И опять ночью, лежа на жестком тюфяке, Ткачук вспоминал последние свои дни в рядах националистов. В сорок восьмом стало уж очень плохо. Со всех сторон войска МВД и истребительные отряды из местных комсомольцев теснили и дробили силы «повстанческой армии». Жестокий бой следовал за боем, поражение за поражением; авиация выслеживала дым костров в глухих чащобах, местные коммунисты проводили сквозь непроходимые болота группы чекистов, крестьяне начинали отказывать в продовольствии. В сорок девятом наступил разгром. Связь между разными частями националистов была прекращена, курени их были изолированы один от другого, тогда-то и началось бегство даже самых стойких. К тому же советское правительство заявило, что предоставит амнистию всем добровольно сложившим оружие. Ткачук знал, что у сотенного Яценко есть чистые документы. Ночью поговорил с ним о том о сем, а к утру твердо было решено: бежать. Беглецам пришлось таиться от собственных караулов, шли всю ночь по болоту и лесу; утром были у лесной деревеньки. Долго приглядывались: нет ли солдат. Ночью поползли к хатам. Но выдала собака, и началась стрельба. Ткачук нырнул в кусты и там затаился. На рассвете по стонам обнаружил Яценко. Тот был ранен в ногу. С километр волок его на себе Ткачук, обходя деревню. Тогда-то и пришла мысль: за что он должен страдать, таская на себе Яценко? Чем заслужил эту долю Яценко, убийца и пьяница? Разве ж Бог будет против него, Ткачука, если он отправит на небо одного из своих бывших дружков? И Ткачук взялся за нож… Потом он вынул из карманов Яценко бумаги. Теперь у Ткачука был советский паспорт, знал он и место, где можно затаиться на время. Недалеко жила его старая знакомка, вдова мельника. К ней и направился Ткачук. У вдовы он прожил два месяца. Из дома выходил только ночью. И ночью же, чисто выбритый, в костюме, оставшемся от мельника, ушел на ближнюю станцию, пообещав вдове выписать ее к себе, как только где-нибудь устроится. Но когда устроился, о ней забыл и вспомнил только теперь, почти через полтора десятка лет.

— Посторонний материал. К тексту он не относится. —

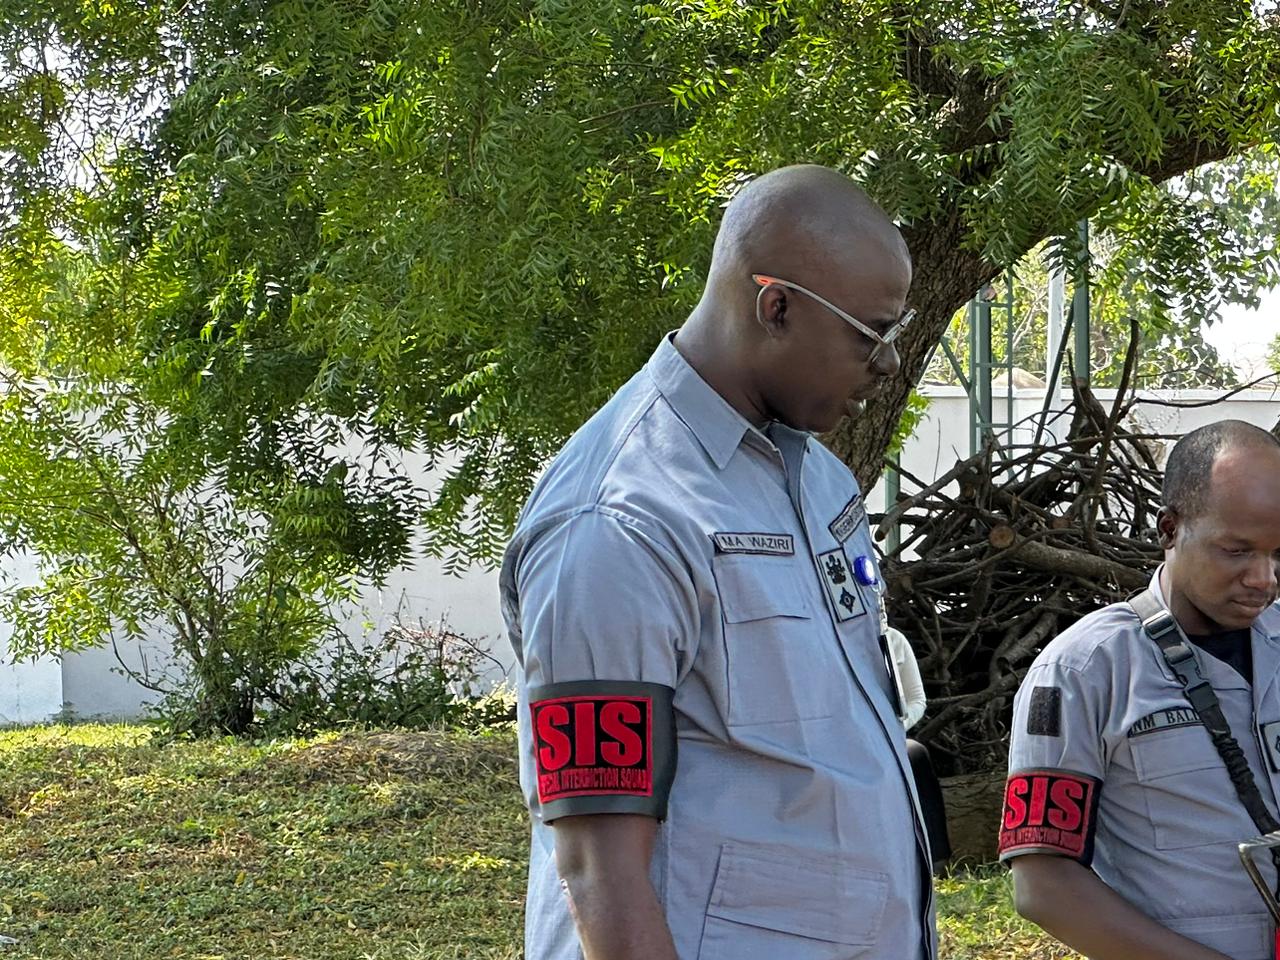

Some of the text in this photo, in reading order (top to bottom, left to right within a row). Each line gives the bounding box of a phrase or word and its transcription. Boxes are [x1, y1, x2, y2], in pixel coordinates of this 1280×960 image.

На следующем допросе Ткачук был задумчив, не реагировал на вопросы, и Луганов, перебирая фотографии, обдумывал, каким образом заставить его заговорить.
— Так и не знаете его? — спросил он, поворачивая к Ткачуку фотографию Дорохова. — Так уж он вам совсем и не известен?
Взглянув, Ткачук дернулся и перекрестился.
— Свят-свят, спаси и помилуй! Да уберите вы, гражданин следователь, цего Сатану!
— Чем он вас так пугает? — удивился Луганов.
— Та шо мене, — пробормотал Ткачук, вытирая рукавом с лица пот, — вин и вас спугае. Тильки побачьте…
— Нас-то он уже не испугает, — сказал Луганов, чувствуя нахлынувшую радость. — Вы, значит, и в этом обличье его узнали?
— Я його — и з рогами и з копытами будь — зараз отличу! — сказал Ткачук. — Спрячь тую хвото, гражданин следователь.
— А сильно изменился Соколов, — спросил Луганов, — или почти тот же, что в лагере?
— Тильки шо поседел, — отворачиваясь, сказал Ткачук. — Та шо вы мене пытаете, гражданин следователь? Мене до нього ниякого дила не мае, и прошу меня його хвото под нос не тикать.
— Ладно, Ткачук, иди. Сегодня ты хорошо нам помог.
— Кому вам? — нахмурился, вставая, Ткачук.
— Следствию, — сказал Луганов.
* * *В Крайске в это время дела тоже не стояли на месте. В тот самый день, когда Луганов добился наконец от Ткачука ответа на один из самых важных вопросов следствия, Миронов в своем кабинете в Крайском управлении также получил серьезное сообщение.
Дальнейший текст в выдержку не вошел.